In his "Letter to the Editorial Board of Otechestvennye Zapiski", Marx

         "The chapter on primitive accumulation claims no more than to
         trace the path by which, in Western Europe, the capitalist
         economic order emerged from the womb of the feudal economic
         order" (Ibid, p. 135)

Later in the letter , Marx reproaches a critic who:

        "absolutely insists on transforming my historical sketch of the
         genesis of capitalism in Western Europe into a
         historico-philosophical theory of the general course fatally
         imposed on all peoples, whatever the historical circumstances
         in which they find themselves placed, in order to arrive
         ultimately at this economic formation which assures the greatest
         expansion of the productive forces of social labour, as well as
         the most complete development of man. But I beg his pardon.
         This is to do me both too much honour and too much disrespect"
         (Ibid, p. 136)

Again there is the warning against generalizing what we might call the
"European experience" and an emphasis on *contingency* in the change from
one social formation to another. Thus, he goes on to give an example of
what happened in Roman history and how it ended not with wage-labour
but with slavery for the "Roman proletarians". Comparing this situation to
that of 'poor whites' in the southern US, Marx notes: "Thus events of
striking similarity, taking place in different historical context, led to
totally disparate results (capitalism in US; slave mode of production in
Rome, JL). By studying each of these developments separately, and then
comparing them, one may easily discover the key to this phenomenon.

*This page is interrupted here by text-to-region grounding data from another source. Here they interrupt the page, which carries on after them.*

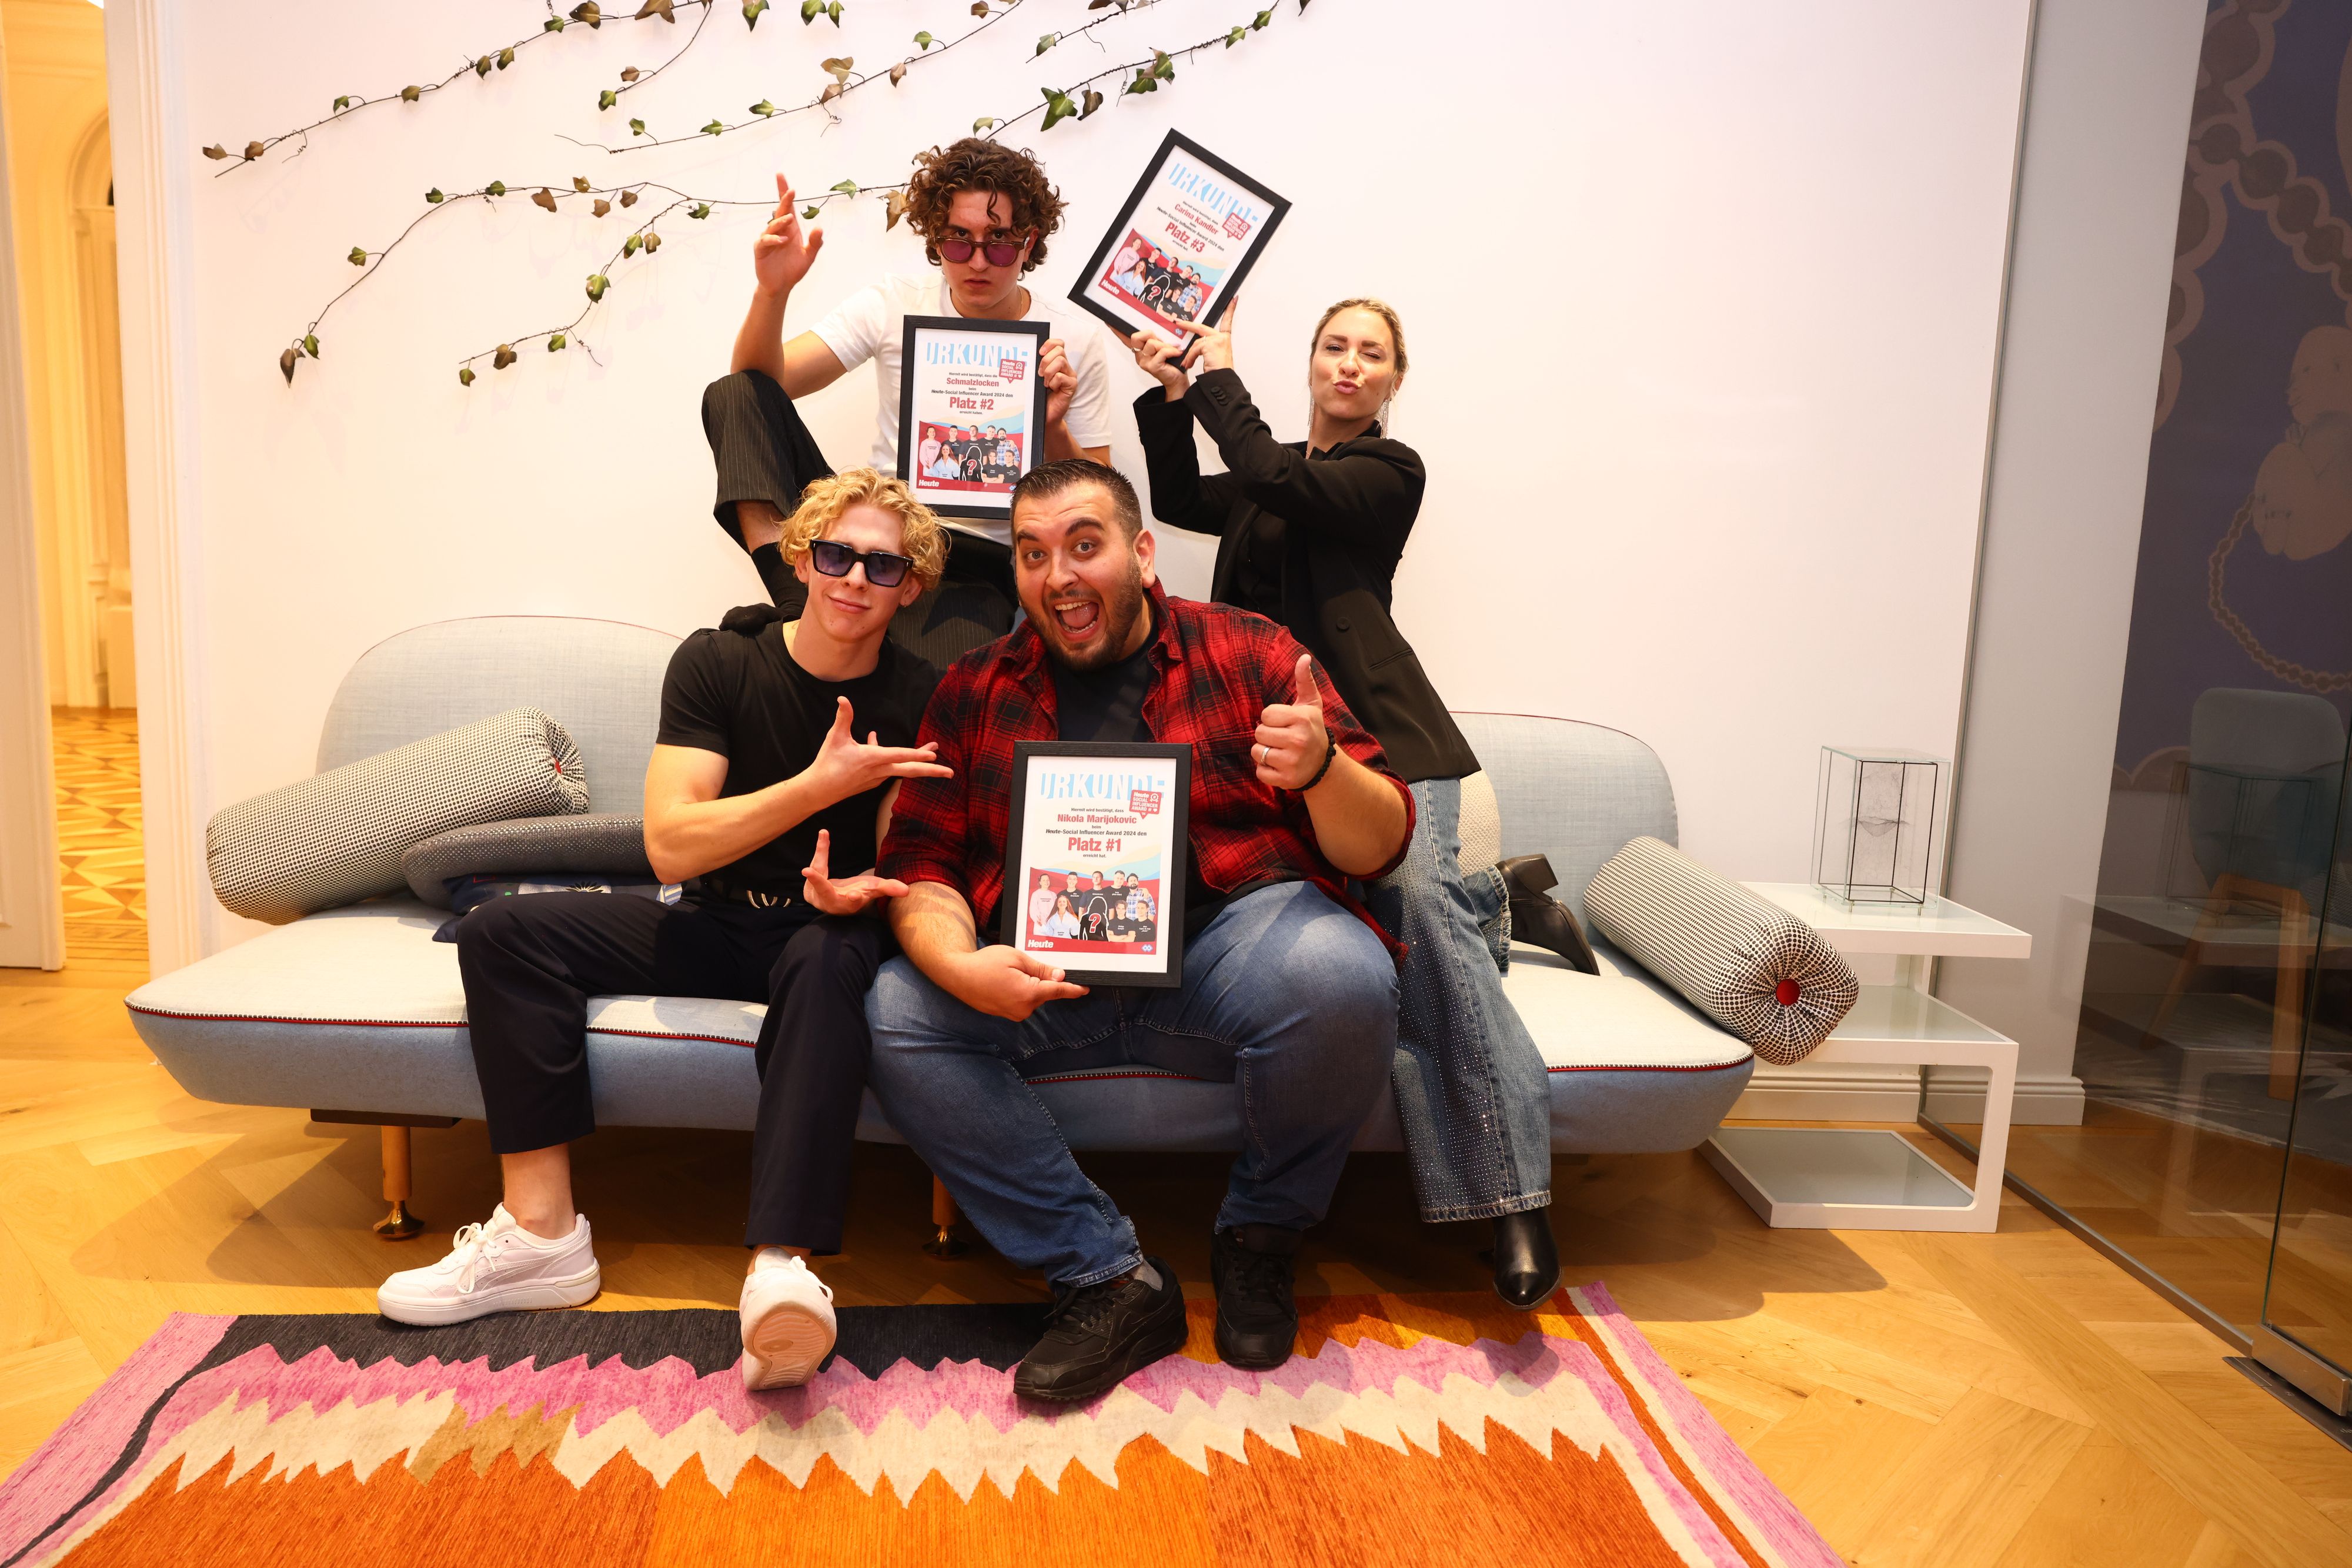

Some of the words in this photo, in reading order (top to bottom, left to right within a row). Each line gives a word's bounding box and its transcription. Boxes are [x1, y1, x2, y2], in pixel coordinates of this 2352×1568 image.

[1175, 203, 1194, 220] Carina
[1195, 216, 1218, 235] Kandler
[1165, 222, 1190, 244] Platz
[1190, 239, 1205, 253] #3
[1101, 279, 1120, 295] Heute
[947, 377, 999, 387] Schmalzlocken
[950, 396, 977, 409] Platz
[980, 399, 994, 410] #2
[1057, 814, 1084, 823] Nikola
[1087, 814, 1137, 825] Marijokovic
[1068, 837, 1101, 851] Platz
[1105, 838, 1121, 852] #1
[1028, 940, 1054, 948] Heute

But
success will never come with the master-key of a
general-historico-philosophical theory, whose supreme virtue consists in
being supra-historical". (Ibid)

Yet another revealing late work by Marx, co-authored with Engels, is the
"Preface to the Second Russian Edition" of the _Manifesto of the Communist
Party". M&E concluded that as follows:

         "If the Russian revolution becomes the signal for proletarian
          revolution in the West, so that the two complement each other,
          then Russia's peasant communal land-ownership may serve as the
          point of departure for a communist development".

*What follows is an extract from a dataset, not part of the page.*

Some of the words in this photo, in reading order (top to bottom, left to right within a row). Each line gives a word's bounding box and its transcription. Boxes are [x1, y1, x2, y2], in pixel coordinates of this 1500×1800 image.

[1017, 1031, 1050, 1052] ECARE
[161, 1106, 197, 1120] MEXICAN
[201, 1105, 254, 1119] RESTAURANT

That was written on January 21, 1882. It says something rather
significant about the relationship of the possible Russian revolution, and
the peasant commune system there, to the possibilities for spreading the
international revolutionary process. It also goes against the grain for
those who have insisted that the revolutionary movement must develop first
in the advanced capitalist nations. It would seem, in conclusion, that
Marx was far less rigid in his perspective on historical transitions than
many, if not most, of the Marxists since.